• _Assignment_
An unchanged copy of every record below, without pictures, is the goal.

• _Data extracts_

*** Begin section ***

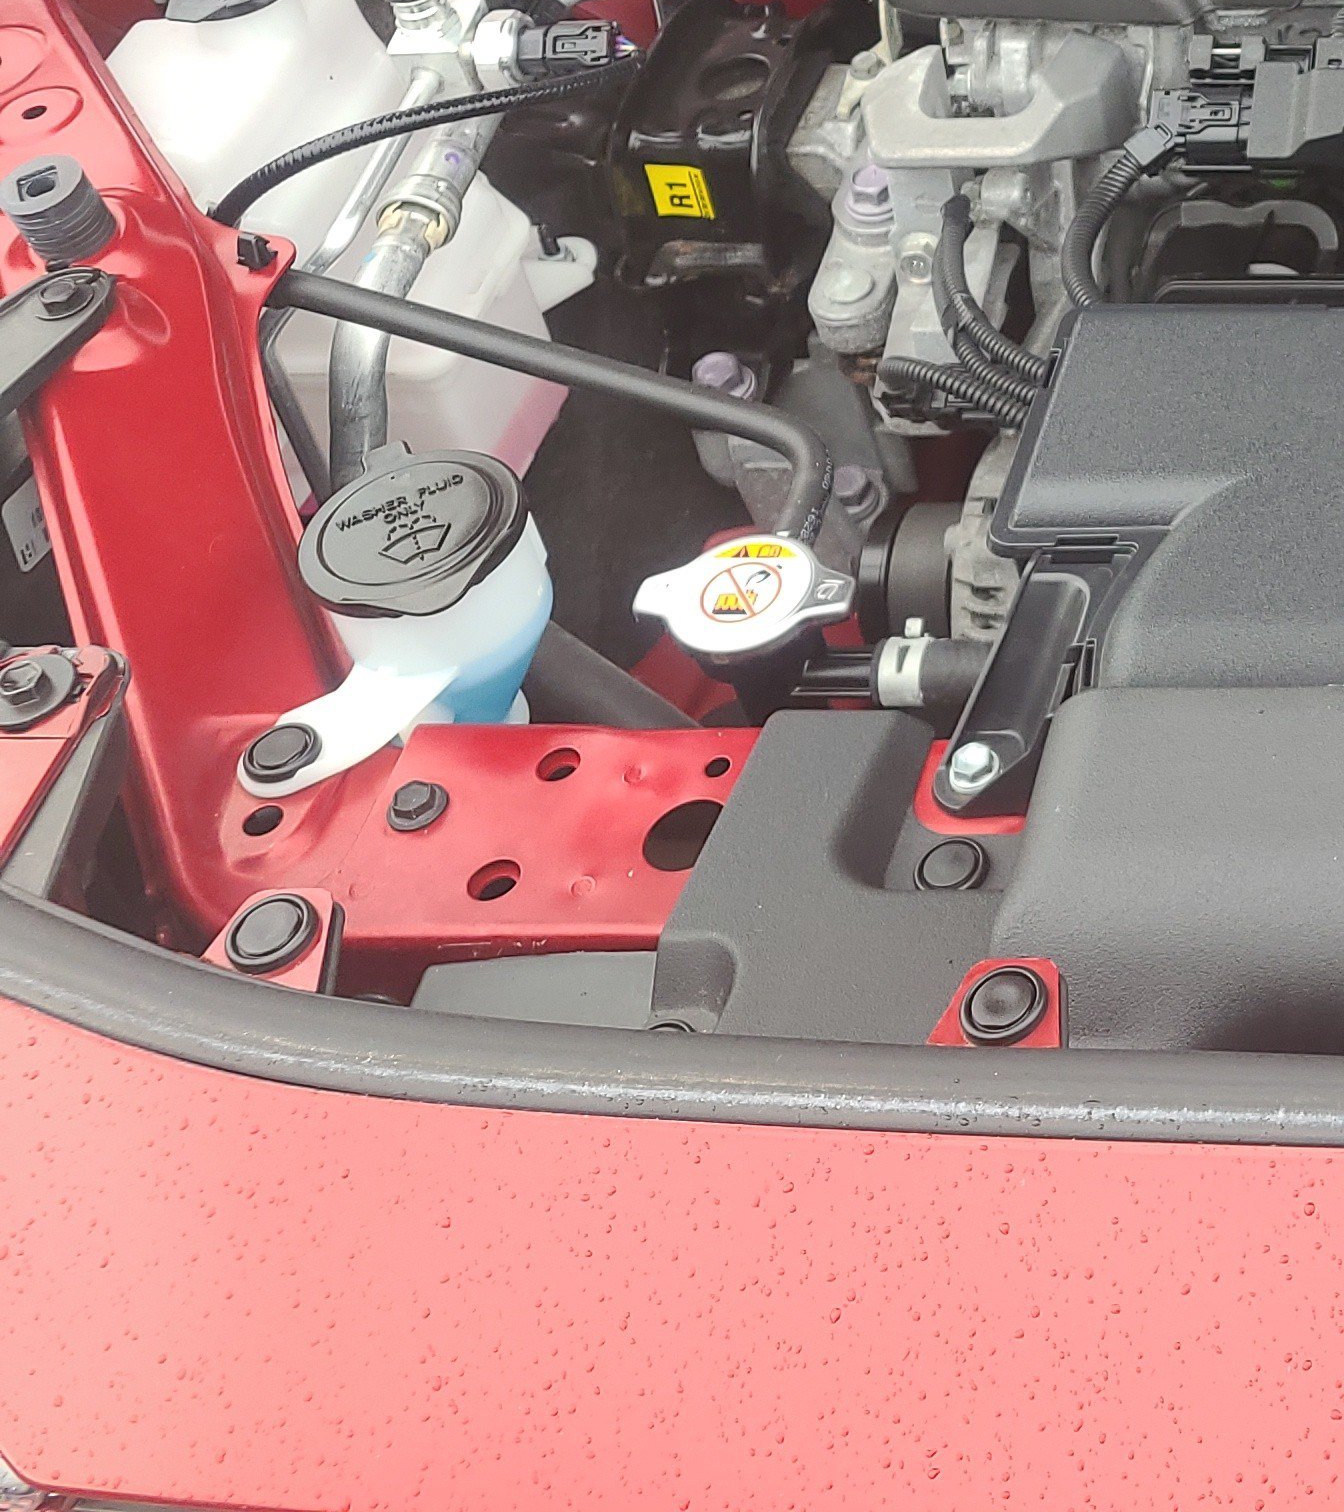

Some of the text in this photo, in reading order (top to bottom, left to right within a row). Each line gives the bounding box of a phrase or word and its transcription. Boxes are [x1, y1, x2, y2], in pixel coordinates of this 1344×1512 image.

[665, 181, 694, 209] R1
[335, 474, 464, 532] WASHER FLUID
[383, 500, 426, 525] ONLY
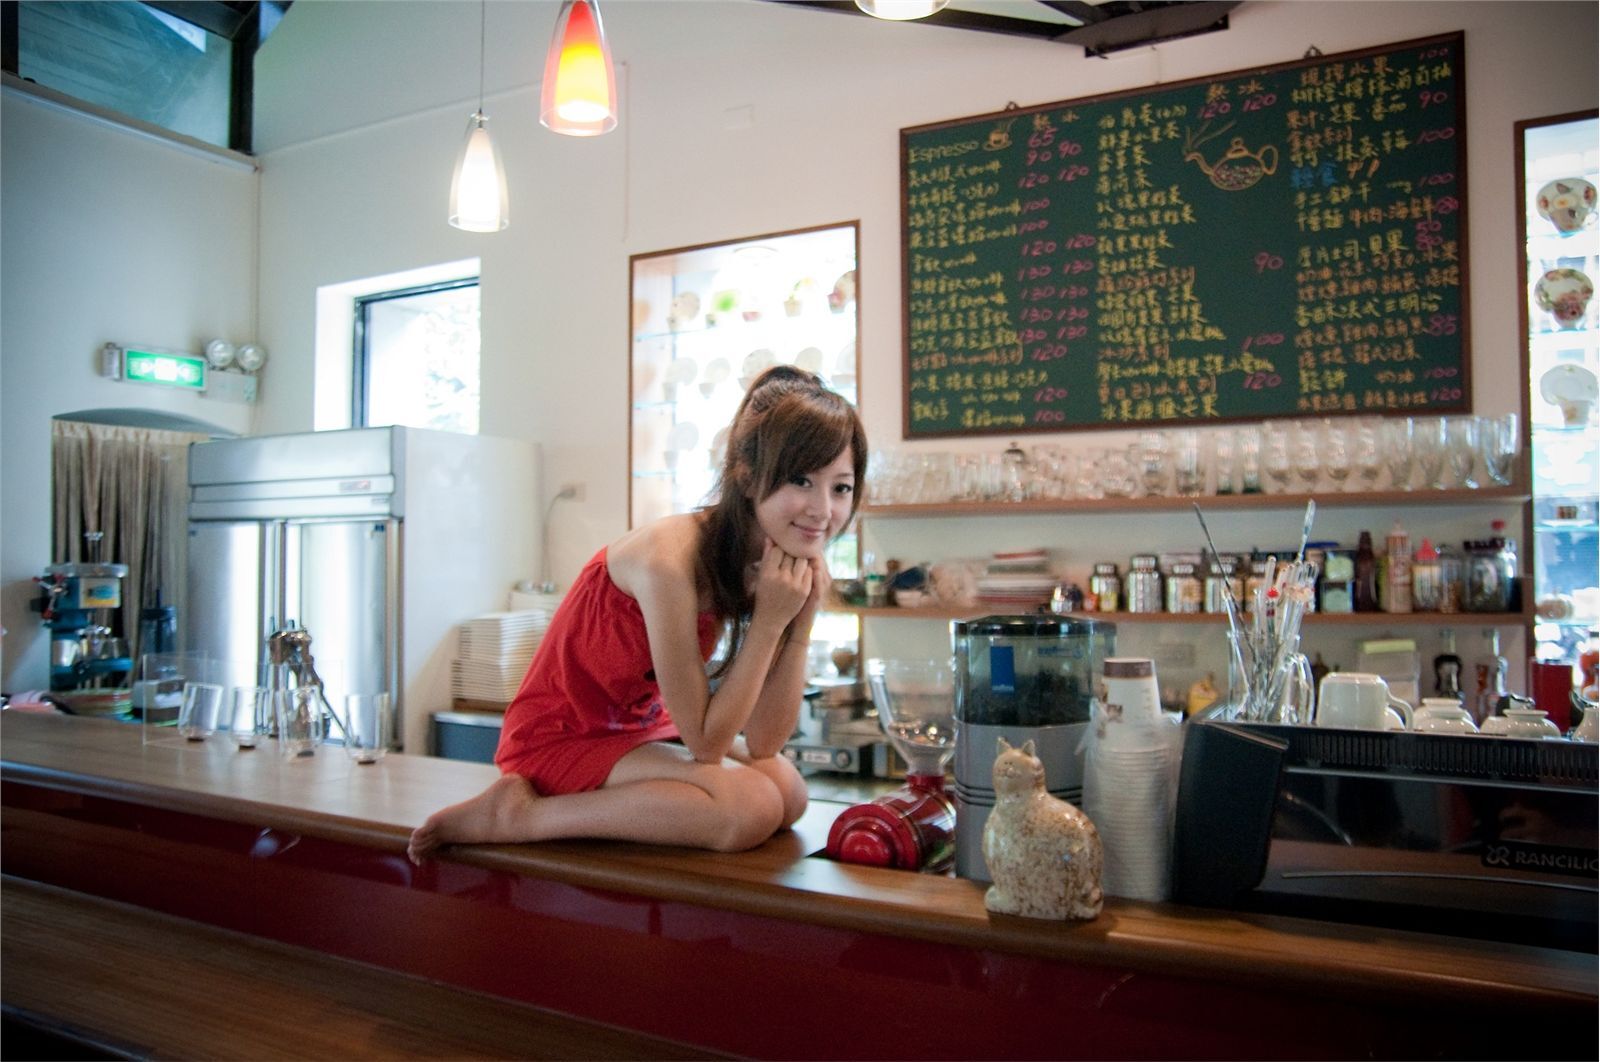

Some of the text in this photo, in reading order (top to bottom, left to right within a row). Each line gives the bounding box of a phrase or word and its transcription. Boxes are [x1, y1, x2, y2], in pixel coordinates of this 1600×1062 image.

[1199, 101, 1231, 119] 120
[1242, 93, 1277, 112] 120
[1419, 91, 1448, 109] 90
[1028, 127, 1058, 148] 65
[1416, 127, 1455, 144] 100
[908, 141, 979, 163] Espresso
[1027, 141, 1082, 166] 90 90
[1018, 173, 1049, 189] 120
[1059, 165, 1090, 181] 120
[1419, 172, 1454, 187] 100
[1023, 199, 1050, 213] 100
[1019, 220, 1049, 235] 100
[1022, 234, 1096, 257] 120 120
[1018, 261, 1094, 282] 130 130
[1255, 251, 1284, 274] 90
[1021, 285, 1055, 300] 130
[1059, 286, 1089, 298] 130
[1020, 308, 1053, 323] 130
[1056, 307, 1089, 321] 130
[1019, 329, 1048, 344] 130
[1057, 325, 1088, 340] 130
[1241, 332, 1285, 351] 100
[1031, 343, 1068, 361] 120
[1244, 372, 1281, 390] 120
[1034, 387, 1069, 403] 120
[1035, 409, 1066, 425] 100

*** End section ***

• _Answer to this exercise_
Some of the text in this photo, in reading order (top to bottom, left to right within a row). Each line gives the bounding box of a phrase or word and its transcription. Boxes are [x1, y1, x2, y2], in pixel coordinates of this 1344×1512 image.

[665, 181, 694, 209] R1
[335, 474, 464, 532] WASHER FLUID
[383, 500, 426, 525] ONLY

Some of the text in this photo, in reading order (top to bottom, left to right within a row). Each line gives the bounding box of a phrase or word and its transcription. Boxes are [x1, y1, x2, y2], in pixel coordinates of this 1600×1062 image.

[1199, 101, 1231, 119] 120
[1242, 93, 1277, 112] 120
[1419, 91, 1448, 109] 90
[1028, 127, 1058, 148] 65
[1416, 127, 1455, 144] 100
[908, 141, 979, 163] Espresso
[1027, 141, 1082, 166] 90 90
[1018, 173, 1049, 189] 120
[1059, 165, 1090, 181] 120
[1419, 172, 1454, 187] 100
[1023, 199, 1050, 213] 100
[1019, 220, 1049, 235] 100
[1022, 234, 1096, 257] 120 120
[1018, 261, 1094, 282] 130 130
[1255, 251, 1284, 274] 90
[1021, 285, 1055, 300] 130
[1059, 286, 1089, 298] 130
[1020, 308, 1053, 323] 130
[1056, 307, 1089, 321] 130
[1019, 329, 1048, 344] 130
[1057, 325, 1088, 340] 130
[1241, 332, 1285, 351] 100
[1031, 343, 1068, 361] 120
[1244, 372, 1281, 390] 120
[1034, 387, 1069, 403] 120
[1035, 409, 1066, 425] 100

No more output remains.